Tiempos de cambio

…¿Y usted qué opina?

Fernando Berrocal

Fernando Berrocal Soto

Mi generación creció sin angustias y sin miedo al futuro, en una sociedad de oportunidades, crecimiento económico sostenido y gran movilidad social.

Esa “tercera vía costarricense” que se construyó desde el centro ideológico, entre socialdemócratas y socialcristianos, con influencia liberal y visión republicana, nos transformó en un caso exitoso de desarrollo por sus particularidades y sus importantes progresos económicos y sociales. Costa Rica fue siempre singular y ejemplo de desarrollo con paz, libertad y democracia.

Pero desde el cambio de siglo el país no está bien. Hoy, la polarización, el pesimismo y la frustración se sienten en todas partes. Lo dicen las encuestas y lo confirman las calles y la fuerte, legítima y creciente molestia ciudadana.

Es evidente que la II República que nació de las reformas sociales de Calderón Guardia, los Decretos Ley de José Figueres y la Constitución Política de 1949, está haciendo aguas desde hace 20 años y que los últimos seis gobiernos (del PLN, el PUSC y el PAC) no han encontrado las ideas fuerza y los caminos de salida correctos hacia una nueva III República, a la altura de este siglo XXI.

Atravesamos un peligroso desface y una crisis que no solo es institucional, económica y social, sino y principalmente, una crisis de liderazgo nacional y de confianza ciudadana en los políticos con poder y en los partidos políticos.

Lo que sí se mantiene, y es una gran fuente de esperanza, es la fe de los costarricenses en el régimen de libertad y en el sistema democrático que hemos escogido como modo de vida, frente a los autoritarismos de izquierda y de derecha y sobre la enfermiza demagogia de los populistas iluminados.

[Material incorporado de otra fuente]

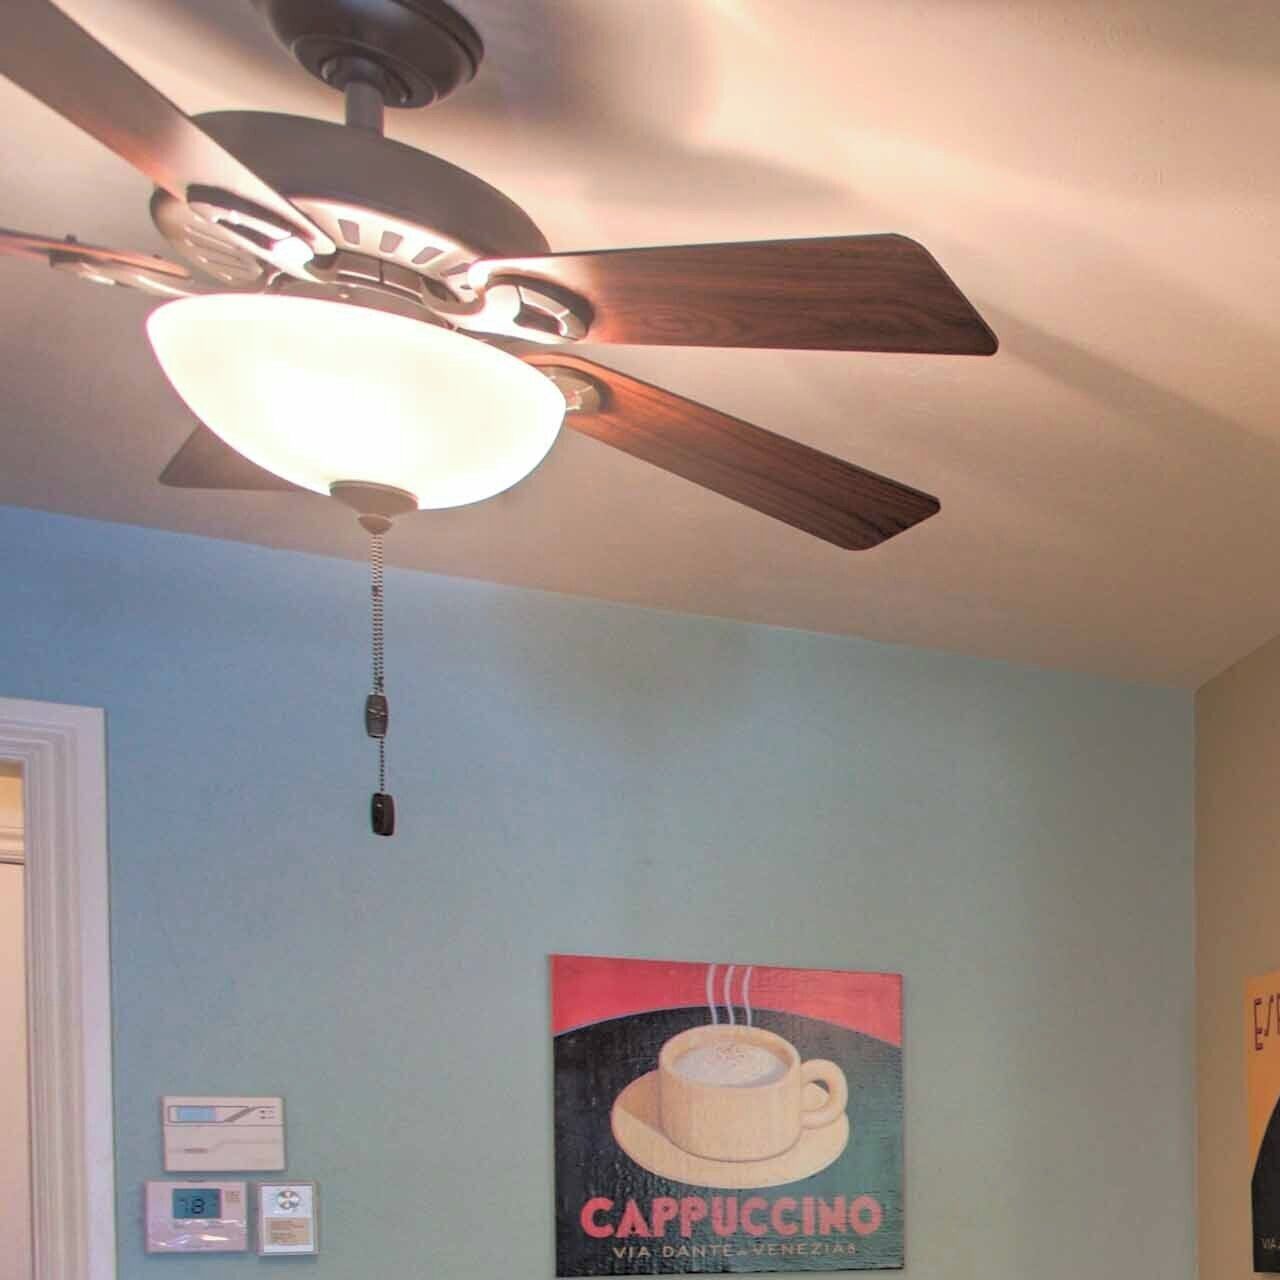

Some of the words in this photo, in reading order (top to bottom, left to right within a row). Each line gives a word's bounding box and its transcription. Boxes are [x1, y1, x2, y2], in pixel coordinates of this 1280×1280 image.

[580, 1195, 882, 1239] CAPPUCCINO
[613, 1245, 651, 1259] VIA
[662, 1243, 735, 1259] DANTE
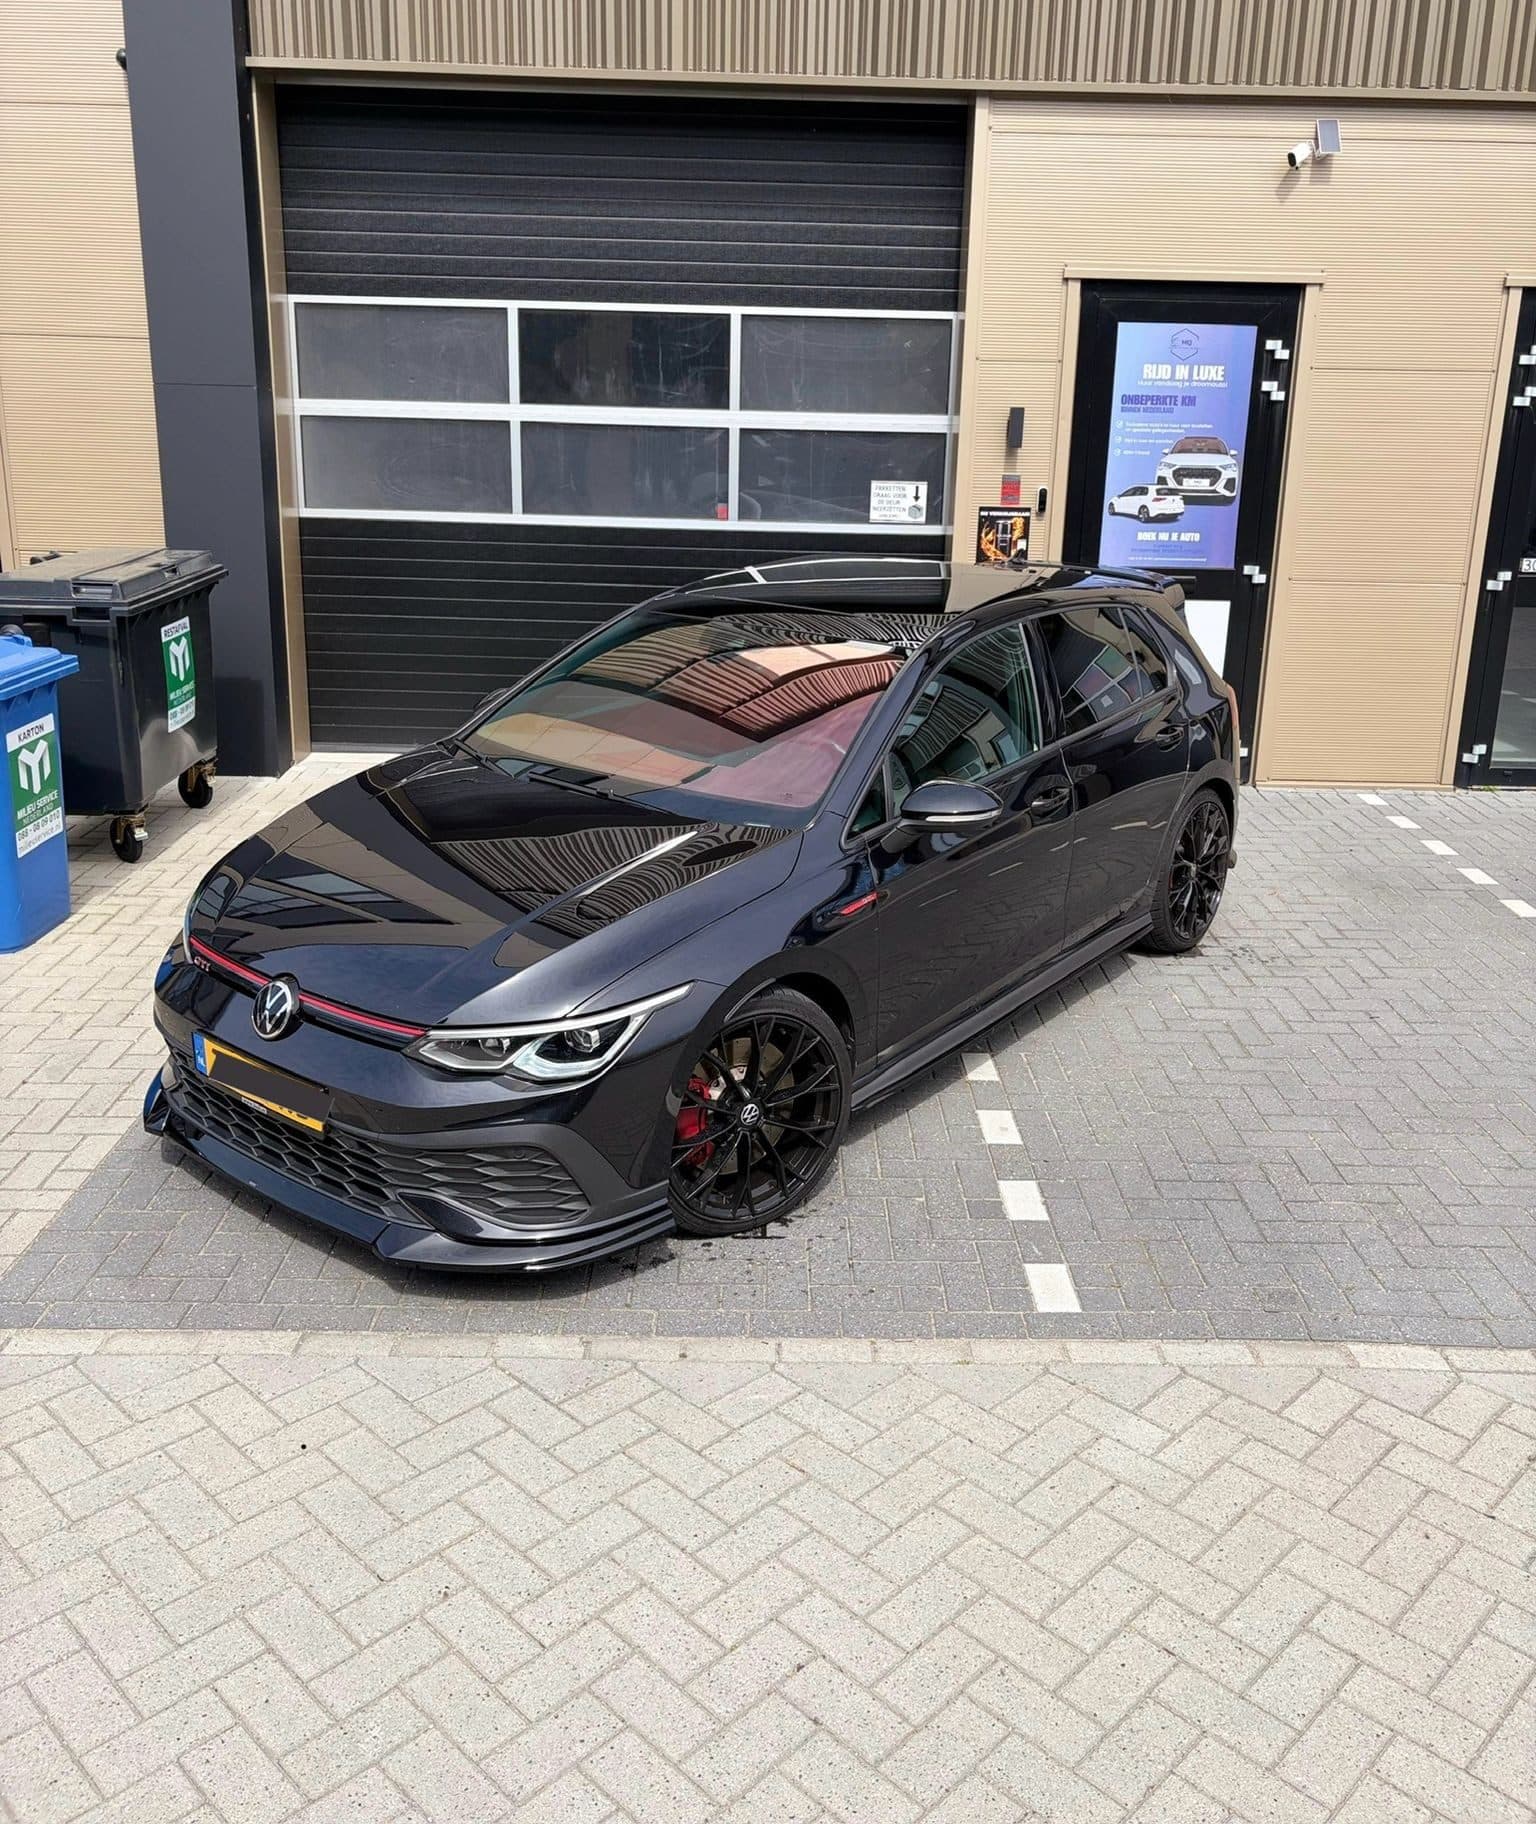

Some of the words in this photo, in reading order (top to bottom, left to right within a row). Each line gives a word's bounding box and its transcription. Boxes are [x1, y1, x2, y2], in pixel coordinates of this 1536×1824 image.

[1143, 363, 1171, 380] RIJD
[1175, 364, 1189, 380] IN
[1193, 364, 1225, 381] LUXE
[1121, 394, 1178, 406] ONBEPERKTE
[1181, 395, 1196, 407] KM
[1137, 531, 1157, 541] BOEK
[1179, 532, 1200, 542] AUTO
[17, 722, 44, 742] KARTON
[37, 790, 58, 809] SERVICE
[22, 802, 54, 824] NEDERLAND
[194, 956, 211, 972] GTI

Sería insensato negar los innegables y enormes logros de la agonizante II República. Pero sería necio y antihistórico no entender que el país debe abocarse a profundas reformas constitucionales y legales sobre la relación entre los Poderes del Estado y sus instituciones, el sistema de elección de diputados, la reforma funcional del Poder Ejecutivo, la obligada rendición de cuentas, la censura formal y la pérdida del cargo. Un sistema mucho menos presidencialista y más parlamentario, participativo y eficiente de gestión pública que, a la vez, potencie la libertad, la innovación y la iniciativa privada.

También necesitamos un cambio integral en la política de seguridad ciudadana y en la lucha contra el narcotráfico y la criminalidad. Nos están robando el país.

Pero en lo inmediato y urgente, y mientras llegan esos cambios fundamentales, el presidente Carlos Alvarado y la Asamblea Legislativa, así como los partidos políticos, deben recuperar la confianza ciudadana y enfocarse solo en el país.

El mayor reto y la más importante meta actual es acabar por ley con las pensiones de lujo y reducir los salarios estrafalarios en las instituciones. A la vez, el país exige un gobierno ético que sea ejemplo de control en el gasto público, así como capaz de reactivar la economía y generar empleo. ¡Enormes retos!